Meski sudah ada sejumlah yang dimulai, secara kasat mata jalannya roda pemerintahan Vantas terkesan lambat. Belum memperlihatkan gebrakan, terobosan, ataupun percepatan program pembangunan yang dibutuhkan publik.

Dalam 100 hari kerja, publik dipertontonkan riuh jalannya pemerintahan akibat munculnya pernyataan-pernyataan kontradiksi dari kalangan keluarga maupun tim pemenangan pada pilkada beberapa waktu lalu.

Semisal mengomentari proses tender di Kabupaten Samosir. Diawal-awal tender, pernyataan keras dari kalangan keluarga Bupati Samosir mengagetkan publik. Mereka mencurigai proses tender proyek di Kabupaten Samosir ada rekayasa.

Dilain waktu, giliran salah satu pendukung pasangan Bupati Samosir Vandiko T Gultom-Martua Sitanggang menuding proyek pembangunan dari APBD Samosir dibagikan kepada orang-orang tertentu.

Secepat kilat pula kalangan keluarga Bupati Samosir itu membantah tudingan tersebut. Menurutnya, semua pelelangan pengadaan barang dan jasa bersumber dari dana APBD sesuai aturan lelang, tidak ada pengaturan.
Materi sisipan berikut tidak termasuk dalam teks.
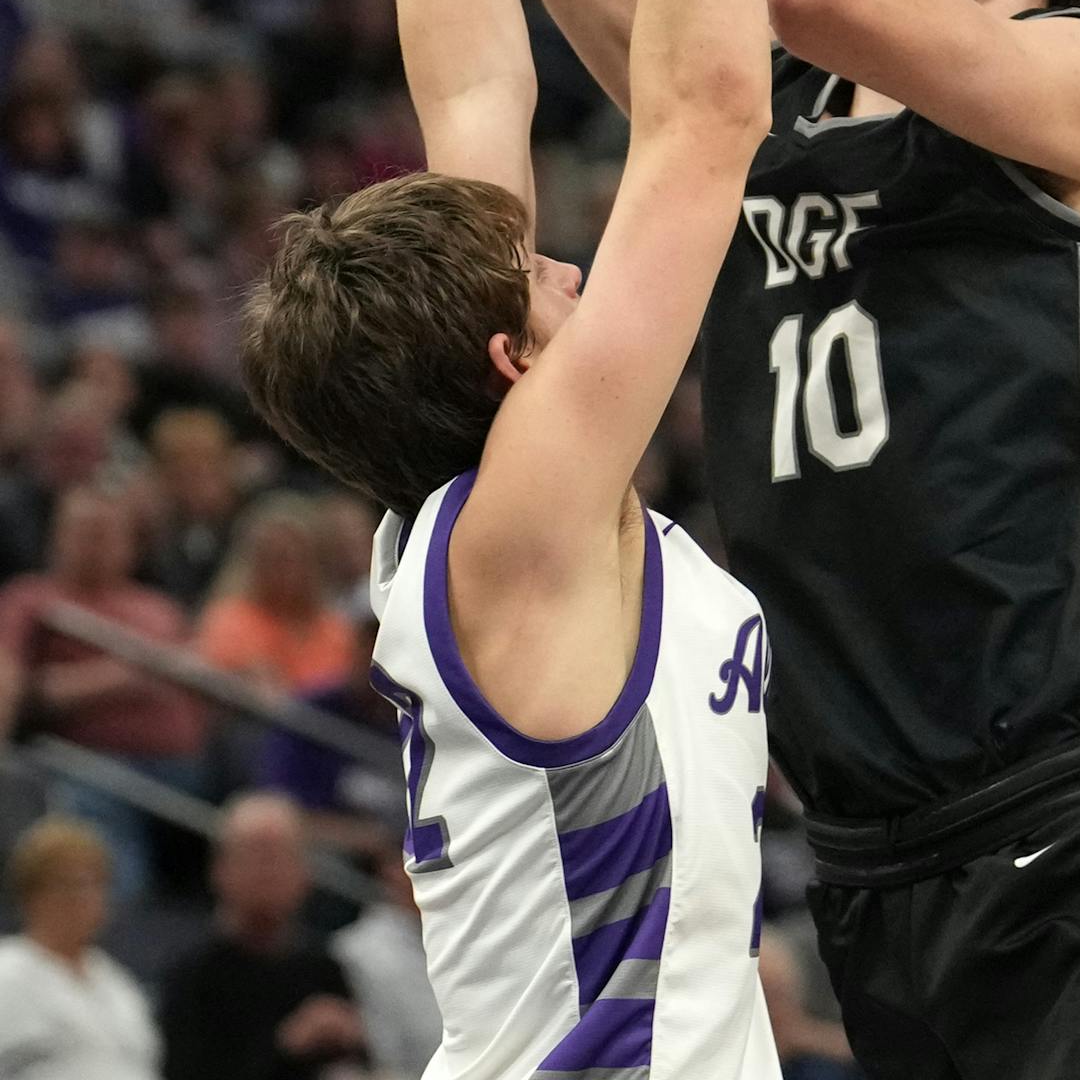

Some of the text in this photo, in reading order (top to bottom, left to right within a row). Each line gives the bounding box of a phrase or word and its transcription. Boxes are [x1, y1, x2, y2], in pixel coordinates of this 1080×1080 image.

Berisik sekali. Belum tuntas satu soal, muncul soal lain. Misalnya, dirumahkannya sejumlah tenaga harian lepas dengan dalil penghematan anggaran sementara dalam waktu berdekatan Bupati Samosir mengangkat 5 staf khusus yang tentu membutuhkan anggaran juga. Dan publik tentunya bertanya-tanya urgensinya.

Disamping itu, diakui juga bahwa selama 100 hari ada sejumlah kegiatan yang dilakukan Vandiko Timotius Gultom ST dan Drs. Martua Sitanggang MM. Seperti road show mengantar proposal ke pemerintah Propinsi Sumatera Utara dan sejumlah kementerian.

Memulai pembahasan RPJMD Kabupaten Samosir 2021-2026, merencanakan peleburan OPD, pengisian jabatan yang kosong karena pejabat sebelumnya mengundurkan diri, dan lain sebagainya.

Namun, secara umum pemerintahan yang baru belumlah menunjukkan perubahan yang lebih baik seperti yang dijanjikan. Seperti janjinya bahwa APBD Samosir untuk kesejahteraan masyarakat.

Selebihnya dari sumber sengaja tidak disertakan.